Stored items from a collection:

┄┄┄┄┄┄┄┄┄┄

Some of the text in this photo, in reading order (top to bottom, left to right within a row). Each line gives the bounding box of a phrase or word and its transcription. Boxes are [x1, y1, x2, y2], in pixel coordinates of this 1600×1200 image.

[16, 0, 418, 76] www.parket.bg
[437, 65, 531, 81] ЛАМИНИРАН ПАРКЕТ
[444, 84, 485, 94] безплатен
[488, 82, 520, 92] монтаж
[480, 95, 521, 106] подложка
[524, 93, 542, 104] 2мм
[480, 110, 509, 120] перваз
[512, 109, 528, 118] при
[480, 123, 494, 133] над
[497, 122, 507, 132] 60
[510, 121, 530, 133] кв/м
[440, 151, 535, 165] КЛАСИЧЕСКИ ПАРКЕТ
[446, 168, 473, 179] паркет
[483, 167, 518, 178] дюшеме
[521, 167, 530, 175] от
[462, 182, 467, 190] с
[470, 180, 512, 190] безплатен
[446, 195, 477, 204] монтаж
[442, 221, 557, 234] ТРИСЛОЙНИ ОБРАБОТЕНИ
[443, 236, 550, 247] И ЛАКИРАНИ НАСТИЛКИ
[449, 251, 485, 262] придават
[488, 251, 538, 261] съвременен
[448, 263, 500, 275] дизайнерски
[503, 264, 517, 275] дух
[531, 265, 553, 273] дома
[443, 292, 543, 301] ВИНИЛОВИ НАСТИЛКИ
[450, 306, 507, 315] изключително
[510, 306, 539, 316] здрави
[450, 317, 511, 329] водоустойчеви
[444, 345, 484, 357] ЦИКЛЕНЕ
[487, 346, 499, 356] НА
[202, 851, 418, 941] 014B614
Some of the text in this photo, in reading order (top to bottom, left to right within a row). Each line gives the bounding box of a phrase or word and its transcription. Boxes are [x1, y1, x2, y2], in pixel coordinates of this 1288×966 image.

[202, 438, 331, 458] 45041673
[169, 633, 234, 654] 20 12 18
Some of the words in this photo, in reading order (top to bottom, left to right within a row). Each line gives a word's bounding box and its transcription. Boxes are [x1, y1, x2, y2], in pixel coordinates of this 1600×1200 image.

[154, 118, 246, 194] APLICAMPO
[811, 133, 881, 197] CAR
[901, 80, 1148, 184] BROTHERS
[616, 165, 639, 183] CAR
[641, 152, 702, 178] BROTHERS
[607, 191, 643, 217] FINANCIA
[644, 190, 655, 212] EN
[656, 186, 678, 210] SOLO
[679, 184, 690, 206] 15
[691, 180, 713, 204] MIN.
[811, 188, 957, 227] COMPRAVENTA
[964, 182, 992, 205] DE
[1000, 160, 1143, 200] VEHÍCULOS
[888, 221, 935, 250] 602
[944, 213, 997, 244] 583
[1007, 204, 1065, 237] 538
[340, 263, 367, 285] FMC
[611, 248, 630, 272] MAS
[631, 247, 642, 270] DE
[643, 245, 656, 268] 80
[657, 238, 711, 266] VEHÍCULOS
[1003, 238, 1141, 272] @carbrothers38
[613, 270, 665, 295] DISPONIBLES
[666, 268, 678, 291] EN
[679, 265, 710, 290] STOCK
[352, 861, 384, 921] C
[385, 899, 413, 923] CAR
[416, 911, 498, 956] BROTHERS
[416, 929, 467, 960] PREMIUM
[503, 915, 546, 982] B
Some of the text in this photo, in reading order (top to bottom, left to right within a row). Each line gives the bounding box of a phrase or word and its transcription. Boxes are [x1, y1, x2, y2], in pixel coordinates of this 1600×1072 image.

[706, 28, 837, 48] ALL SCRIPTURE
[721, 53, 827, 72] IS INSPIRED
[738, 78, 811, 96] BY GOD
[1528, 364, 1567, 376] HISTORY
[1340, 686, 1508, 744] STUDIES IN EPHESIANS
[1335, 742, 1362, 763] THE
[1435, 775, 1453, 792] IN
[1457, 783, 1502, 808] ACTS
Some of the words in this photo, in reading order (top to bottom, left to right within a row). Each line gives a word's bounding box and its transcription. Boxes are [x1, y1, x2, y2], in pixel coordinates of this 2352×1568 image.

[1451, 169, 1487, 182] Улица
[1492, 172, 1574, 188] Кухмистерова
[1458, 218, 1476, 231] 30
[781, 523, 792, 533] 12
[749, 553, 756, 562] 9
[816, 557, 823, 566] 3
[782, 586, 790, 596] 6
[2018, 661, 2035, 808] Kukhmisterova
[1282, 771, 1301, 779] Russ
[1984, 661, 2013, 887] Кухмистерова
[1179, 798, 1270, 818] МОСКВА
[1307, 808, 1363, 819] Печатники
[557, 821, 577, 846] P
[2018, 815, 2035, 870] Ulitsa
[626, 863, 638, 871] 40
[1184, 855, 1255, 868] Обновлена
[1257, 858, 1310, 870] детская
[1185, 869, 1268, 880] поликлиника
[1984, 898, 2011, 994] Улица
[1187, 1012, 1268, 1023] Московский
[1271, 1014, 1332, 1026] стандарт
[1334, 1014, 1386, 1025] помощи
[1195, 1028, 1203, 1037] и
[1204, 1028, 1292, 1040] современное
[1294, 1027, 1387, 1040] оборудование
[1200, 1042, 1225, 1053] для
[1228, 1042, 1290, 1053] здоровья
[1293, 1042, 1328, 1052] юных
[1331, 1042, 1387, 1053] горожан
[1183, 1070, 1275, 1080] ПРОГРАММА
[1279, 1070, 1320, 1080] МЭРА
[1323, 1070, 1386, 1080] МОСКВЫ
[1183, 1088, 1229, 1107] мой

┄┄┄┄┄┄┄┄┄┄

*TASK*. Exact output of every entry is required.

*ANSWER SPACE*.
Some of the text in this photo, in reading order (top to bottom, left to right within a row). Each line gives the bounding box of a phrase or word and its transcription. Boxes are [x1, y1, x2, y2], in pixel coordinates of this 1600×1200 image.

[16, 0, 418, 76] www.parket.bg
[437, 65, 531, 81] ЛАМИНИРАН ПАРКЕТ
[444, 84, 485, 94] безплатен
[488, 82, 520, 92] монтаж
[480, 95, 521, 106] подложка
[524, 93, 542, 104] 2мм
[480, 110, 509, 120] перваз
[512, 109, 528, 118] при
[480, 123, 494, 133] над
[497, 122, 507, 132] 60
[510, 121, 530, 133] кв/м
[440, 151, 535, 165] КЛАСИЧЕСКИ ПАРКЕТ
[446, 168, 473, 179] паркет
[483, 167, 518, 178] дюшеме
[521, 167, 530, 175] от
[462, 182, 467, 190] с
[470, 180, 512, 190] безплатен
[446, 195, 477, 204] монтаж
[442, 221, 557, 234] ТРИСЛОЙНИ ОБРАБОТЕНИ
[443, 236, 550, 247] И ЛАКИРАНИ НАСТИЛКИ
[449, 251, 485, 262] придават
[488, 251, 538, 261] съвременен
[448, 263, 500, 275] дизайнерски
[503, 264, 517, 275] дух
[531, 265, 553, 273] дома
[443, 292, 543, 301] ВИНИЛОВИ НАСТИЛКИ
[450, 306, 507, 315] изключително
[510, 306, 539, 316] здрави
[450, 317, 511, 329] водоустойчеви
[444, 345, 484, 357] ЦИКЛЕНЕ
[487, 346, 499, 356] НА
[202, 851, 418, 941] 014B614
Some of the text in this photo, in reading order (top to bottom, left to right within a row). Each line gives the bounding box of a phrase or word and its transcription. Boxes are [x1, y1, x2, y2], in pixel coordinates of this 1288×966 image.

[202, 438, 331, 458] 45041673
[169, 633, 234, 654] 20 12 18
Some of the words in this photo, in reading order (top to bottom, left to right within a row). Each line gives a word's bounding box and its transcription. Boxes are [x1, y1, x2, y2], in pixel coordinates of this 1600×1200 image.

[154, 118, 246, 194] APLICAMPO
[811, 133, 881, 197] CAR
[901, 80, 1148, 184] BROTHERS
[616, 165, 639, 183] CAR
[641, 152, 702, 178] BROTHERS
[607, 191, 643, 217] FINANCIA
[644, 190, 655, 212] EN
[656, 186, 678, 210] SOLO
[679, 184, 690, 206] 15
[691, 180, 713, 204] MIN.
[811, 188, 957, 227] COMPRAVENTA
[964, 182, 992, 205] DE
[1000, 160, 1143, 200] VEHÍCULOS
[888, 221, 935, 250] 602
[944, 213, 997, 244] 583
[1007, 204, 1065, 237] 538
[340, 263, 367, 285] FMC
[611, 248, 630, 272] MAS
[631, 247, 642, 270] DE
[643, 245, 656, 268] 80
[657, 238, 711, 266] VEHÍCULOS
[1003, 238, 1141, 272] @carbrothers38
[613, 270, 665, 295] DISPONIBLES
[666, 268, 678, 291] EN
[679, 265, 710, 290] STOCK
[352, 861, 384, 921] C
[385, 899, 413, 923] CAR
[416, 911, 498, 956] BROTHERS
[416, 929, 467, 960] PREMIUM
[503, 915, 546, 982] B
Some of the text in this photo, in reading order (top to bottom, left to right within a row). Each line gives the bounding box of a phrase or word and its transcription. Boxes are [x1, y1, x2, y2], in pixel coordinates of this 1600×1072 image.

[706, 28, 837, 48] ALL SCRIPTURE
[721, 53, 827, 72] IS INSPIRED
[738, 78, 811, 96] BY GOD
[1528, 364, 1567, 376] HISTORY
[1340, 686, 1508, 744] STUDIES IN EPHESIANS
[1335, 742, 1362, 763] THE
[1435, 775, 1453, 792] IN
[1457, 783, 1502, 808] ACTS
Some of the words in this photo, in reading order (top to bottom, left to right within a row). Each line gives a word's bounding box and its transcription. Boxes are [x1, y1, x2, y2], in pixel coordinates of this 2352×1568 image.

[1451, 169, 1487, 182] Улица
[1492, 172, 1574, 188] Кухмистерова
[1458, 218, 1476, 231] 30
[781, 523, 792, 533] 12
[749, 553, 756, 562] 9
[816, 557, 823, 566] 3
[782, 586, 790, 596] 6
[2018, 661, 2035, 808] Kukhmisterova
[1282, 771, 1301, 779] Russ
[1984, 661, 2013, 887] Кухмистерова
[1179, 798, 1270, 818] МОСКВА
[1307, 808, 1363, 819] Печатники
[557, 821, 577, 846] P
[2018, 815, 2035, 870] Ulitsa
[626, 863, 638, 871] 40
[1184, 855, 1255, 868] Обновлена
[1257, 858, 1310, 870] детская
[1185, 869, 1268, 880] поликлиника
[1984, 898, 2011, 994] Улица
[1187, 1012, 1268, 1023] Московский
[1271, 1014, 1332, 1026] стандарт
[1334, 1014, 1386, 1025] помощи
[1195, 1028, 1203, 1037] и
[1204, 1028, 1292, 1040] современное
[1294, 1027, 1387, 1040] оборудование
[1200, 1042, 1225, 1053] для
[1228, 1042, 1290, 1053] здоровья
[1293, 1042, 1328, 1052] юных
[1331, 1042, 1387, 1053] горожан
[1183, 1070, 1275, 1080] ПРОГРАММА
[1279, 1070, 1320, 1080] МЭРА
[1323, 1070, 1386, 1080] МОСКВЫ
[1183, 1088, 1229, 1107] мой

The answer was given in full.